Start of Block
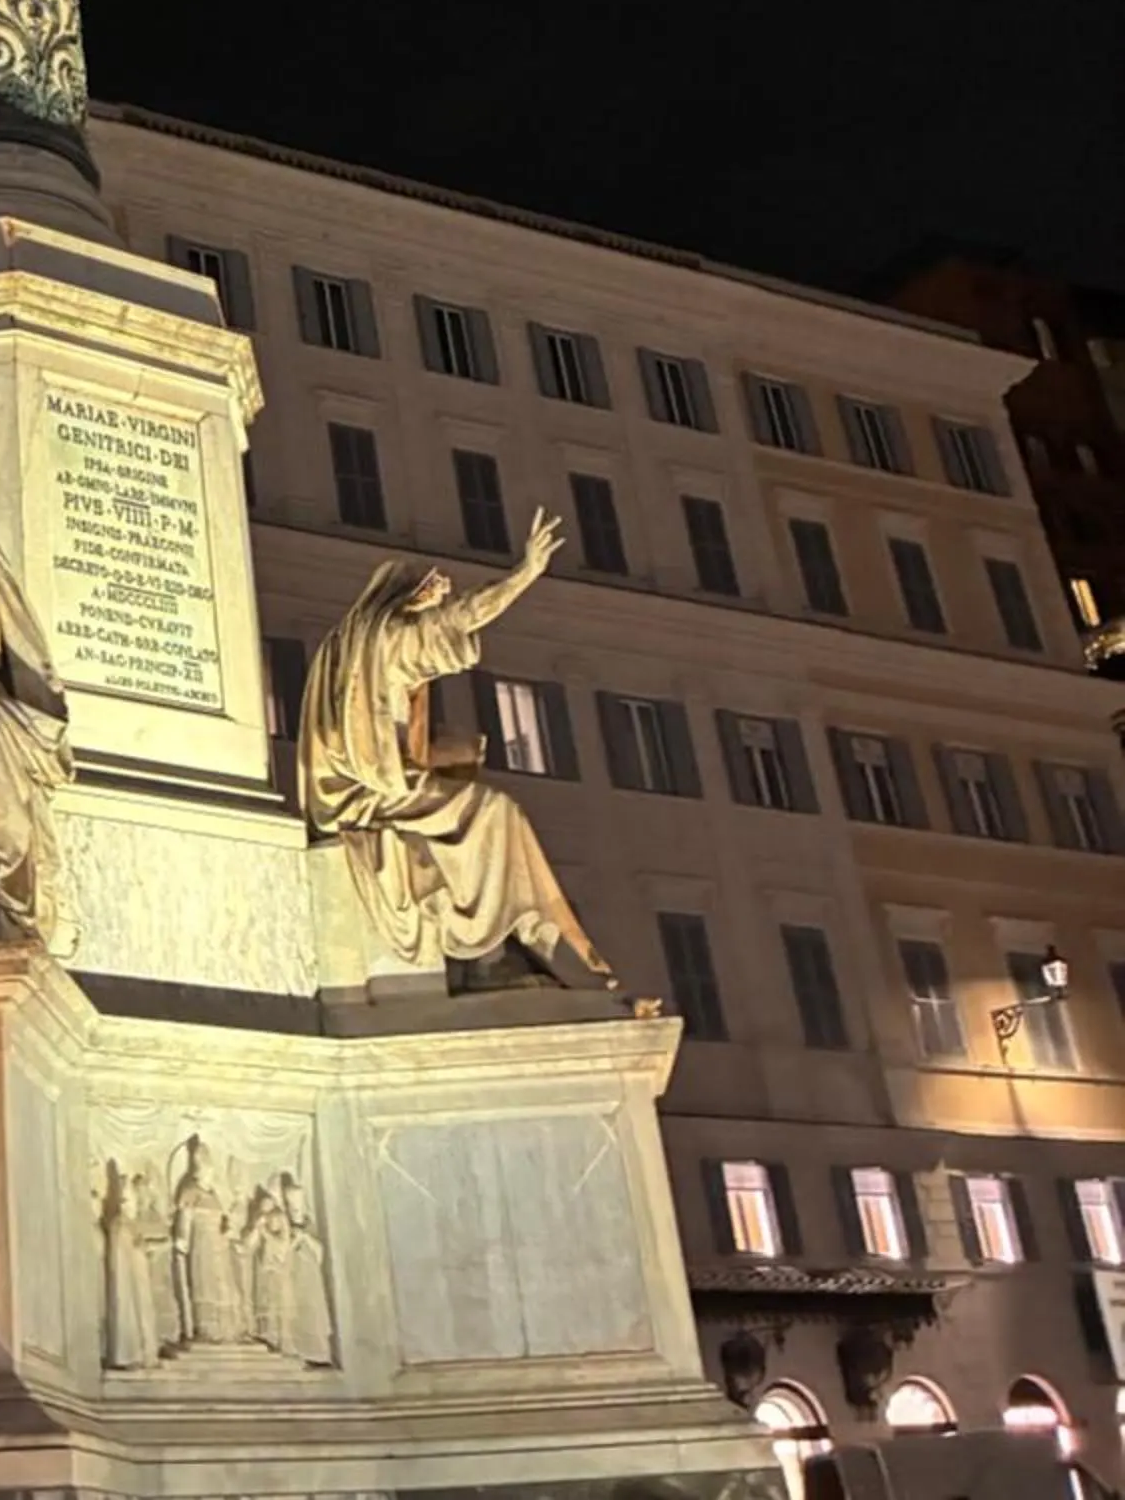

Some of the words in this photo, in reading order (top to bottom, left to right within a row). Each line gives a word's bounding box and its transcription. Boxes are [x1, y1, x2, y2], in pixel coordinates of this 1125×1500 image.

[46, 394, 119, 428] MARIAE
[126, 415, 196, 449] VIRGINI
[57, 423, 152, 463] GENITRICI
[160, 448, 189, 472] DEI
[63, 491, 104, 516] PIVS
End of Block
Give back each entry exactly as it appears, with no pictures.

Some of the words in this photo, in reading order (top to bottom, left to right within a row). Each line gives a word's bounding box and its transcription. Boxes are [x1, y1, x2, y2], in pixel coordinates of this 1125×1500 image.

[46, 394, 119, 428] MARIAE
[126, 415, 196, 449] VIRGINI
[57, 423, 152, 463] GENITRICI
[160, 448, 189, 472] DEI
[63, 491, 104, 516] PIVS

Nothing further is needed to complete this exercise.